- [Problem statement]:
Output the entire listing that follows verbatim.

- [Exercise inputs]:
------------------------------------------------------------

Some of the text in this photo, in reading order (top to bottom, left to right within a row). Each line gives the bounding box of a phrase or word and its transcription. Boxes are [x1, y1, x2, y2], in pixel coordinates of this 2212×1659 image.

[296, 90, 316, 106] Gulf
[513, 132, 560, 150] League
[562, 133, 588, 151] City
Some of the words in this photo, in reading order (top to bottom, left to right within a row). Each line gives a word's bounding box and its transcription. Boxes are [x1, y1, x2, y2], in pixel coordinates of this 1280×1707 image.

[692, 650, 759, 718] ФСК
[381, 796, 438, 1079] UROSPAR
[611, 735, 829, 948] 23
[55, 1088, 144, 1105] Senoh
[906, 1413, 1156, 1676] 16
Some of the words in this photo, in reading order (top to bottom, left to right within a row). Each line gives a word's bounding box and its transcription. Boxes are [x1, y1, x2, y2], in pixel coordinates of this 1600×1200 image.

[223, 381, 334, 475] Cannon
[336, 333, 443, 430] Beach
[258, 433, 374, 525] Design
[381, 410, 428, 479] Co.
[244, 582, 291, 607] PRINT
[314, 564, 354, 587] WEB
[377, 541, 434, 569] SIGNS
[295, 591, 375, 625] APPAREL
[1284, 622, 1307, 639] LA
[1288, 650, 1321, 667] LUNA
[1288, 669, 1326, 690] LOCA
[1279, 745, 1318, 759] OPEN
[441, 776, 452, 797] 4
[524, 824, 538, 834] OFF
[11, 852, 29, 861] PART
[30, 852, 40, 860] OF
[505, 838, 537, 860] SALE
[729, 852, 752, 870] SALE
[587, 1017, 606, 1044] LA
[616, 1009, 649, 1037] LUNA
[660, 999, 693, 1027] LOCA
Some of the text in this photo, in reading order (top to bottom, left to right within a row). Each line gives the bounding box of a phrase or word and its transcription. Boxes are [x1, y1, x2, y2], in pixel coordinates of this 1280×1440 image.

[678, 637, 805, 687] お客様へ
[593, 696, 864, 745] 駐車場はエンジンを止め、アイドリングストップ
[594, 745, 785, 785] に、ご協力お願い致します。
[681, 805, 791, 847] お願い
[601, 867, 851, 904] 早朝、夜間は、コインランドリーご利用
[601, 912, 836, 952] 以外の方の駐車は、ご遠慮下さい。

------------------------------------------------------------

- [Your response]:
Some of the text in this photo, in reading order (top to bottom, left to right within a row). Each line gives the bounding box of a phrase or word and its transcription. Boxes are [x1, y1, x2, y2], in pixel coordinates of this 2212×1659 image.

[296, 90, 316, 106] Gulf
[513, 132, 560, 150] League
[562, 133, 588, 151] City
Some of the words in this photo, in reading order (top to bottom, left to right within a row). Each line gives a word's bounding box and its transcription. Boxes are [x1, y1, x2, y2], in pixel coordinates of this 1280×1707 image.

[692, 650, 759, 718] ФСК
[381, 796, 438, 1079] UROSPAR
[611, 735, 829, 948] 23
[55, 1088, 144, 1105] Senoh
[906, 1413, 1156, 1676] 16
Some of the words in this photo, in reading order (top to bottom, left to right within a row). Each line gives a word's bounding box and its transcription. Boxes are [x1, y1, x2, y2], in pixel coordinates of this 1600×1200 image.

[223, 381, 334, 475] Cannon
[336, 333, 443, 430] Beach
[258, 433, 374, 525] Design
[381, 410, 428, 479] Co.
[244, 582, 291, 607] PRINT
[314, 564, 354, 587] WEB
[377, 541, 434, 569] SIGNS
[295, 591, 375, 625] APPAREL
[1284, 622, 1307, 639] LA
[1288, 650, 1321, 667] LUNA
[1288, 669, 1326, 690] LOCA
[1279, 745, 1318, 759] OPEN
[441, 776, 452, 797] 4
[524, 824, 538, 834] OFF
[11, 852, 29, 861] PART
[30, 852, 40, 860] OF
[505, 838, 537, 860] SALE
[729, 852, 752, 870] SALE
[587, 1017, 606, 1044] LA
[616, 1009, 649, 1037] LUNA
[660, 999, 693, 1027] LOCA
Some of the text in this photo, in reading order (top to bottom, left to right within a row). Each line gives the bounding box of a phrase or word and its transcription. Boxes are [x1, y1, x2, y2], in pixel coordinates of this 1280×1440 image.

[678, 637, 805, 687] お客様へ
[593, 696, 864, 745] 駐車場はエンジンを止め、アイドリングストップ
[594, 745, 785, 785] に、ご協力お願い致します。
[681, 805, 791, 847] お願い
[601, 867, 851, 904] 早朝、夜間は、コインランドリーご利用
[601, 912, 836, 952] 以外の方の駐車は、ご遠慮下さい。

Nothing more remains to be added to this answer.